**Your goal**
Exact transcription of the data below is required, without the images.

Start of Extracted material

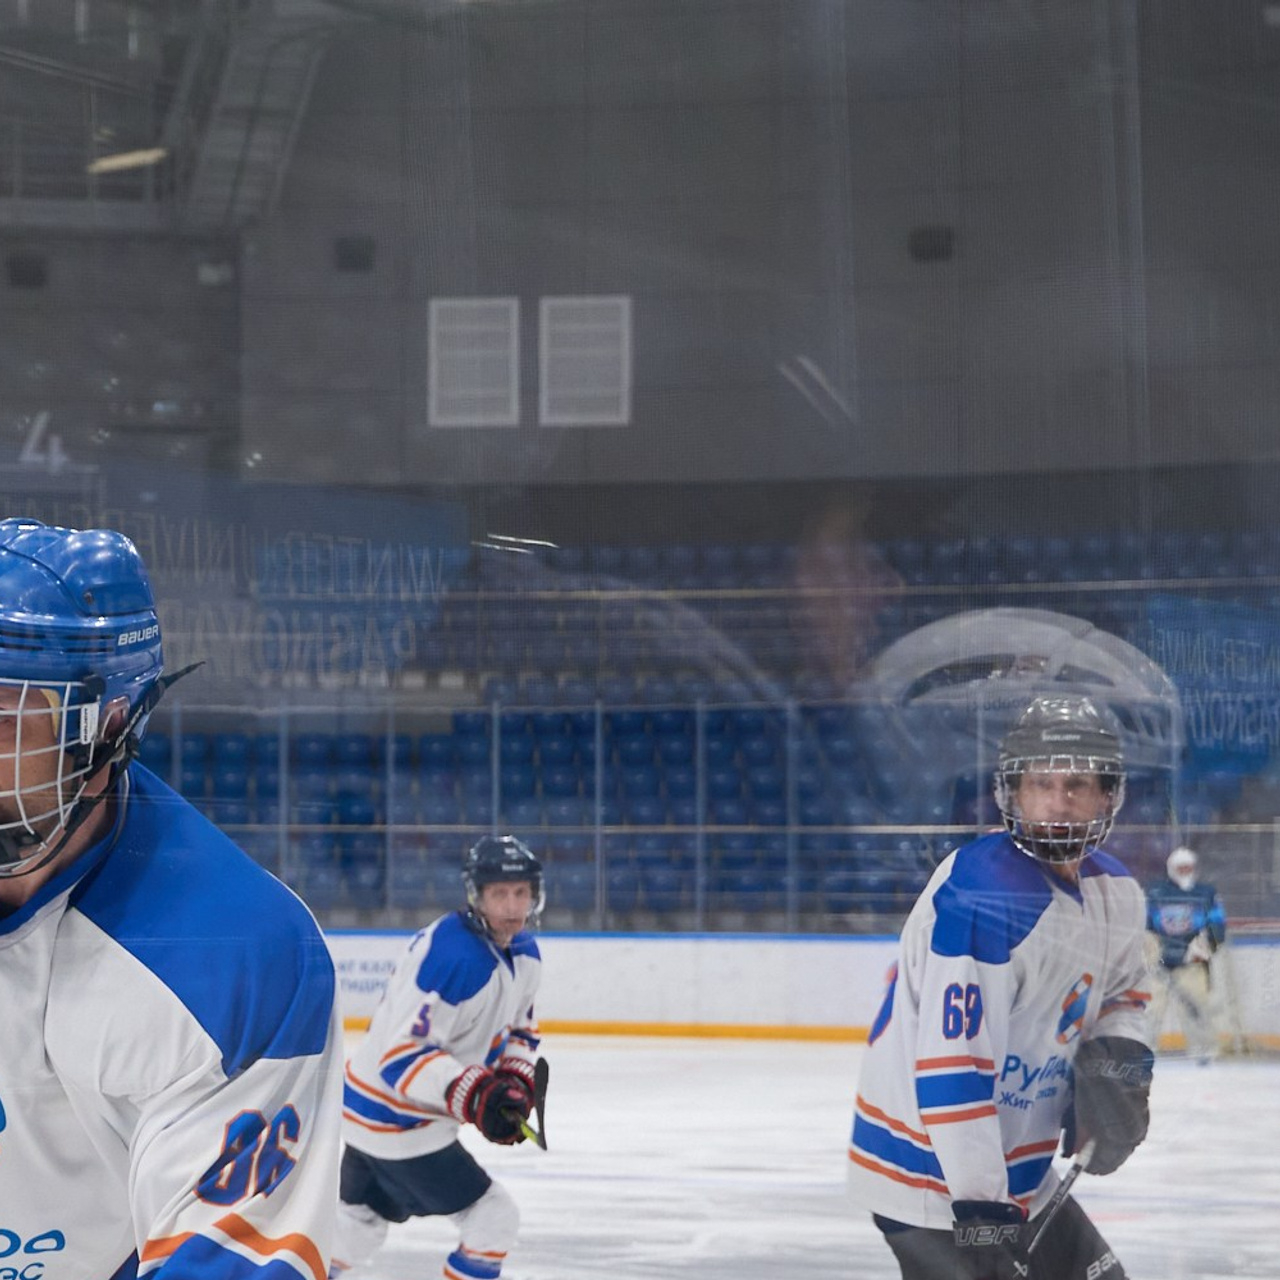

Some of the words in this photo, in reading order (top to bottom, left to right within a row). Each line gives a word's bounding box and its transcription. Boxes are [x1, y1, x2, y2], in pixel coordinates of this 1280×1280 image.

[411, 1003, 432, 1038] 5
[942, 982, 984, 1040] 69
[192, 1101, 304, 1207] 86
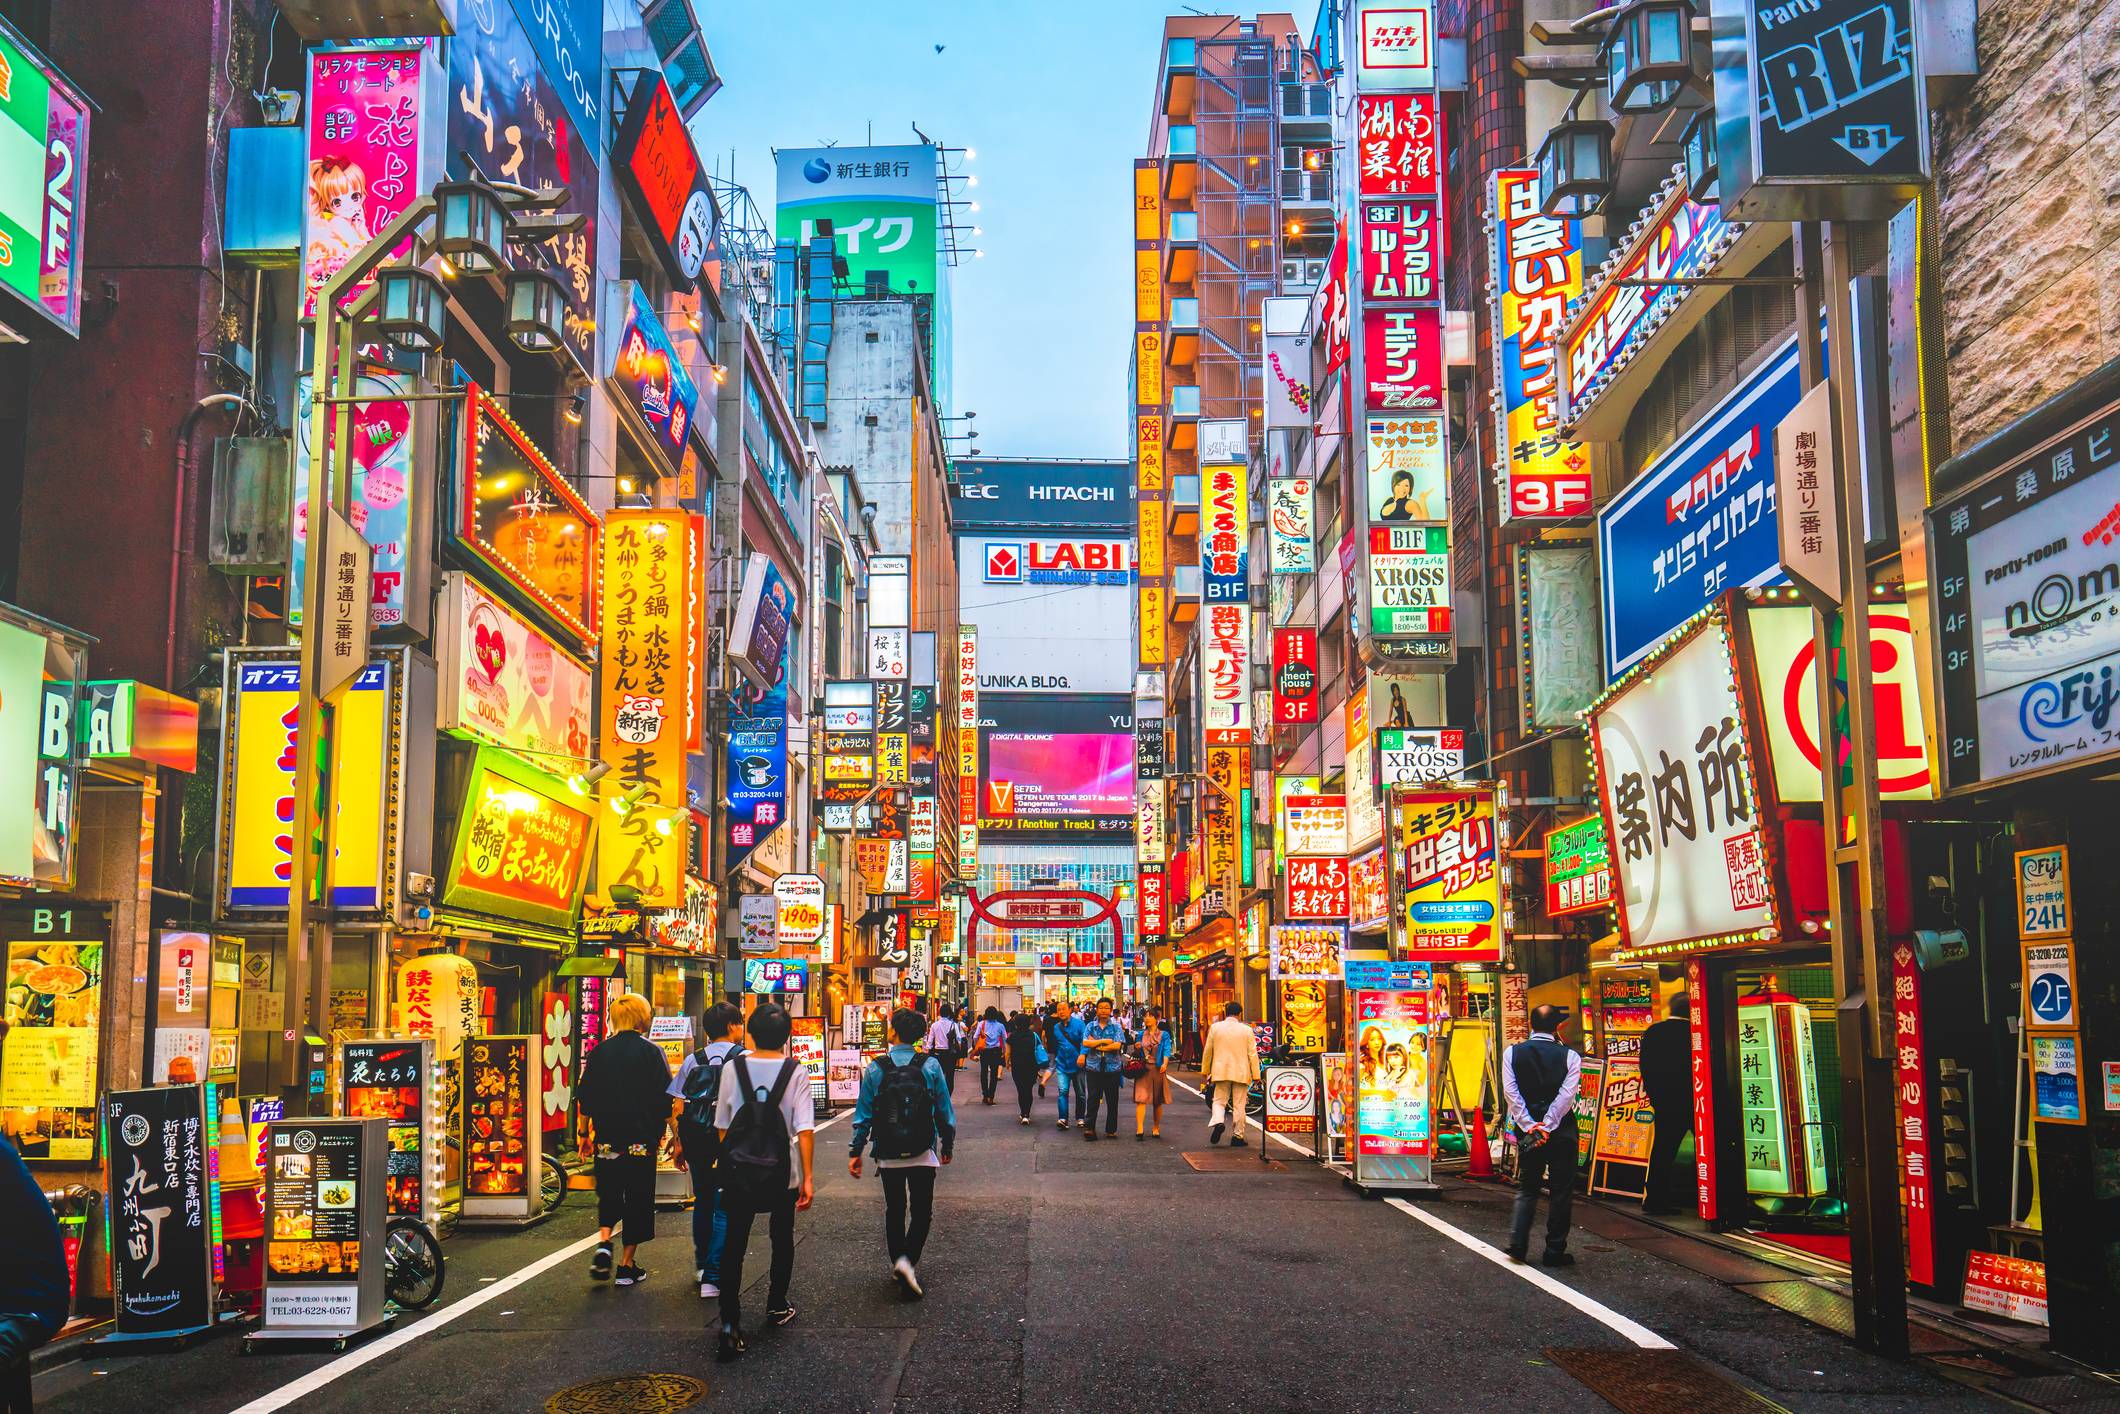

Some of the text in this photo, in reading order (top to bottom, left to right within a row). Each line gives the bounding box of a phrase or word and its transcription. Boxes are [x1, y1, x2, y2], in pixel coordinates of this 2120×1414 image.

[1370, 36, 1420, 47] ラウンジ
[1376, 25, 1416, 36] カブキ
[319, 57, 416, 75] リラクゼーション
[1760, 3, 1911, 133] RIZ
[338, 78, 395, 94] リゾート
[325, 112, 357, 126] 当ビル
[1360, 96, 1432, 139] 湖南
[324, 126, 353, 140] 6F
[1849, 127, 1888, 149] B1
[836, 160, 910, 180] 新生銀行
[1362, 142, 1434, 179] 菜館
[641, 124, 683, 220] CLOVER
[1385, 179, 1411, 193] 4F
[47, 139, 73, 268] 2F
[1370, 207, 1395, 222] 3F
[1402, 204, 1432, 297] レンタル
[1371, 229, 1402, 297] ルーム
[1294, 338, 1306, 347] 5F
[1384, 312, 1417, 383] エデン
[1382, 385, 1438, 408] Eden
[1386, 421, 1438, 434] タイ古式
[1371, 435, 1438, 448] マッサージ
[1142, 453, 1160, 487] 魚金
[1670, 431, 1754, 523] マクロス
[1030, 486, 1114, 501] HITACHI
[1271, 481, 1283, 489] 4F
[1795, 432, 1822, 555] 劇場通り一番街
[1516, 481, 1587, 513] 3F
[1212, 472, 1238, 576] まぐろ商店
[1393, 530, 1423, 549] B1F
[1028, 542, 1122, 570] LABI
[1984, 536, 2067, 585] Party-room
[1030, 571, 1092, 585] SHINJUKU
[1374, 567, 1445, 586] XROSS
[1704, 561, 1728, 596] 2F
[1943, 576, 1965, 599] 5F
[1207, 582, 1244, 600] B1F
[1382, 587, 1438, 606] CASA
[333, 551, 358, 658] 劇場通り一番街
[614, 525, 640, 692] 九州のうまかもん
[1945, 613, 1967, 634] 4F
[643, 624, 671, 694] 水炊き
[873, 635, 889, 672] 桜島
[1208, 605, 1248, 700] 熟女キャバクラ
[1381, 643, 1450, 655] 第一大滝ビル
[1285, 663, 1316, 681] meat
[1947, 651, 1969, 672] 3F
[961, 641, 975, 720] お好み焼き
[1031, 676, 1072, 689] BLDG.
[1281, 676, 1311, 696] house
[886, 684, 905, 729] リラク
[1285, 702, 1308, 720] 3F
[618, 711, 658, 743] 新宿の
[733, 719, 783, 732] GREAT
[738, 732, 776, 746] BLUE
[1218, 731, 1239, 743] 4F
[1384, 735, 1394, 744] 肉
[1953, 737, 1975, 758] 2F
[42, 692, 69, 831] B1
[886, 736, 903, 767] 麻雀
[1387, 752, 1458, 767] XROSS
[886, 769, 904, 782] 2F
[1142, 768, 1160, 776] 3F
[1396, 768, 1451, 782] CASA
[1014, 785, 1041, 793] SE7EN
[1614, 716, 1752, 864] 案内所
[1310, 798, 1324, 806] 2F
[616, 748, 664, 897] まっちゃん
[1303, 809, 1345, 820] タイ古式
[1410, 795, 1480, 836] キラリ
[1290, 821, 1345, 832] マッサージ
[471, 813, 506, 873] 新宿の
[1409, 818, 1492, 885] 出会い
[891, 841, 904, 881] 居酒屋
[1727, 837, 1758, 872] 歌舞
[503, 834, 571, 899] まっちゃん
[1142, 864, 1160, 873] 焼肉
[1291, 858, 1346, 889] 湖南
[910, 860, 923, 900] ステップ
[1443, 858, 1494, 898] カフェ
[1291, 889, 1334, 915] 菜館
[1335, 890, 1346, 915] 4F
[1732, 874, 1765, 909] 伎町
[2025, 891, 2065, 905] 年中無休
[1009, 904, 1081, 915] 歌舞伎町一番街
[1144, 878, 1161, 930] 安楽亭
[1421, 904, 1483, 914] 女性は全て無料!
[34, 909, 73, 934] B1
[2025, 904, 2067, 931] 24H
[1145, 935, 1160, 944] 2F
[1416, 936, 1469, 948] 受付3F
[185, 968, 193, 1006] 防犯カメラ
[763, 962, 802, 992] 麻雀
[2035, 978, 2068, 1012] 2F
[349, 1048, 374, 1057] 鍋料理
[1306, 1036, 1325, 1047] B1
[349, 1060, 417, 1084] 花たろう
[1272, 1092, 1310, 1100] ラウンジ
[1276, 1084, 1306, 1092] カブキ
[1739, 1023, 1771, 1169] 無料案内所
[1895, 976, 1926, 1210] 絶対安心宣言!!
[110, 1103, 123, 1118] 3F
[259, 1110, 281, 1121] カフェ
[1606, 1107, 1633, 1122] キラリ
[1268, 1123, 1313, 1133] COFFEE
[275, 1134, 290, 1147] 6F
[162, 1119, 180, 1189] 新宿東口店
[182, 1117, 202, 1228] 博多水炊き専門店
[123, 1153, 172, 1280] 九州小町
[1971, 1255, 2045, 1278] ここにごみを
[1964, 1295, 1995, 1307] garbage
[1965, 1285, 2048, 1309] Please do not throw
[271, 1306, 352, 1316] TEL:03-6228-0567

End of Extracted material

**Expected answer**
Some of the words in this photo, in reading order (top to bottom, left to right within a row). Each line gives a word's bounding box and its transcription. Boxes are [x1, y1, x2, y2], in pixel coordinates of this 1280×1280 image.

[411, 1003, 432, 1038] 5
[942, 982, 984, 1040] 69
[192, 1101, 304, 1207] 86

Some of the text in this photo, in reading order (top to bottom, left to right within a row). Each line gives the bounding box of a phrase or word and its transcription. Boxes are [x1, y1, x2, y2], in pixel coordinates of this 2120×1414 image.

[1370, 36, 1420, 47] ラウンジ
[1376, 25, 1416, 36] カブキ
[319, 57, 416, 75] リラクゼーション
[1760, 3, 1911, 133] RIZ
[338, 78, 395, 94] リゾート
[325, 112, 357, 126] 当ビル
[1360, 96, 1432, 139] 湖南
[324, 126, 353, 140] 6F
[1849, 127, 1888, 149] B1
[836, 160, 910, 180] 新生銀行
[1362, 142, 1434, 179] 菜館
[641, 124, 683, 220] CLOVER
[1385, 179, 1411, 193] 4F
[47, 139, 73, 268] 2F
[1370, 207, 1395, 222] 3F
[1402, 204, 1432, 297] レンタル
[1371, 229, 1402, 297] ルーム
[1294, 338, 1306, 347] 5F
[1384, 312, 1417, 383] エデン
[1382, 385, 1438, 408] Eden
[1386, 421, 1438, 434] タイ古式
[1371, 435, 1438, 448] マッサージ
[1142, 453, 1160, 487] 魚金
[1670, 431, 1754, 523] マクロス
[1030, 486, 1114, 501] HITACHI
[1271, 481, 1283, 489] 4F
[1795, 432, 1822, 555] 劇場通り一番街
[1516, 481, 1587, 513] 3F
[1212, 472, 1238, 576] まぐろ商店
[1393, 530, 1423, 549] B1F
[1028, 542, 1122, 570] LABI
[1984, 536, 2067, 585] Party-room
[1030, 571, 1092, 585] SHINJUKU
[1374, 567, 1445, 586] XROSS
[1704, 561, 1728, 596] 2F
[1943, 576, 1965, 599] 5F
[1207, 582, 1244, 600] B1F
[1382, 587, 1438, 606] CASA
[333, 551, 358, 658] 劇場通り一番街
[614, 525, 640, 692] 九州のうまかもん
[1945, 613, 1967, 634] 4F
[643, 624, 671, 694] 水炊き
[873, 635, 889, 672] 桜島
[1208, 605, 1248, 700] 熟女キャバクラ
[1381, 643, 1450, 655] 第一大滝ビル
[1285, 663, 1316, 681] meat
[1947, 651, 1969, 672] 3F
[961, 641, 975, 720] お好み焼き
[1031, 676, 1072, 689] BLDG.
[1281, 676, 1311, 696] house
[886, 684, 905, 729] リラク
[1285, 702, 1308, 720] 3F
[618, 711, 658, 743] 新宿の
[733, 719, 783, 732] GREAT
[738, 732, 776, 746] BLUE
[1218, 731, 1239, 743] 4F
[1384, 735, 1394, 744] 肉
[1953, 737, 1975, 758] 2F
[42, 692, 69, 831] B1
[886, 736, 903, 767] 麻雀
[1387, 752, 1458, 767] XROSS
[886, 769, 904, 782] 2F
[1142, 768, 1160, 776] 3F
[1396, 768, 1451, 782] CASA
[1014, 785, 1041, 793] SE7EN
[1614, 716, 1752, 864] 案内所
[1310, 798, 1324, 806] 2F
[616, 748, 664, 897] まっちゃん
[1303, 809, 1345, 820] タイ古式
[1410, 795, 1480, 836] キラリ
[1290, 821, 1345, 832] マッサージ
[471, 813, 506, 873] 新宿の
[1409, 818, 1492, 885] 出会い
[891, 841, 904, 881] 居酒屋
[1727, 837, 1758, 872] 歌舞
[503, 834, 571, 899] まっちゃん
[1142, 864, 1160, 873] 焼肉
[1291, 858, 1346, 889] 湖南
[910, 860, 923, 900] ステップ
[1443, 858, 1494, 898] カフェ
[1291, 889, 1334, 915] 菜館
[1335, 890, 1346, 915] 4F
[1732, 874, 1765, 909] 伎町
[2025, 891, 2065, 905] 年中無休
[1009, 904, 1081, 915] 歌舞伎町一番街
[1144, 878, 1161, 930] 安楽亭
[1421, 904, 1483, 914] 女性は全て無料!
[34, 909, 73, 934] B1
[2025, 904, 2067, 931] 24H
[1145, 935, 1160, 944] 2F
[1416, 936, 1469, 948] 受付3F
[185, 968, 193, 1006] 防犯カメラ
[763, 962, 802, 992] 麻雀
[2035, 978, 2068, 1012] 2F
[349, 1048, 374, 1057] 鍋料理
[1306, 1036, 1325, 1047] B1
[349, 1060, 417, 1084] 花たろう
[1272, 1092, 1310, 1100] ラウンジ
[1276, 1084, 1306, 1092] カブキ
[1739, 1023, 1771, 1169] 無料案内所
[1895, 976, 1926, 1210] 絶対安心宣言!!
[110, 1103, 123, 1118] 3F
[259, 1110, 281, 1121] カフェ
[1606, 1107, 1633, 1122] キラリ
[1268, 1123, 1313, 1133] COFFEE
[275, 1134, 290, 1147] 6F
[162, 1119, 180, 1189] 新宿東口店
[182, 1117, 202, 1228] 博多水炊き専門店
[123, 1153, 172, 1280] 九州小町
[1971, 1255, 2045, 1278] ここにごみを
[1964, 1295, 1995, 1307] garbage
[1965, 1285, 2048, 1309] Please do not throw
[271, 1306, 352, 1316] TEL:03-6228-0567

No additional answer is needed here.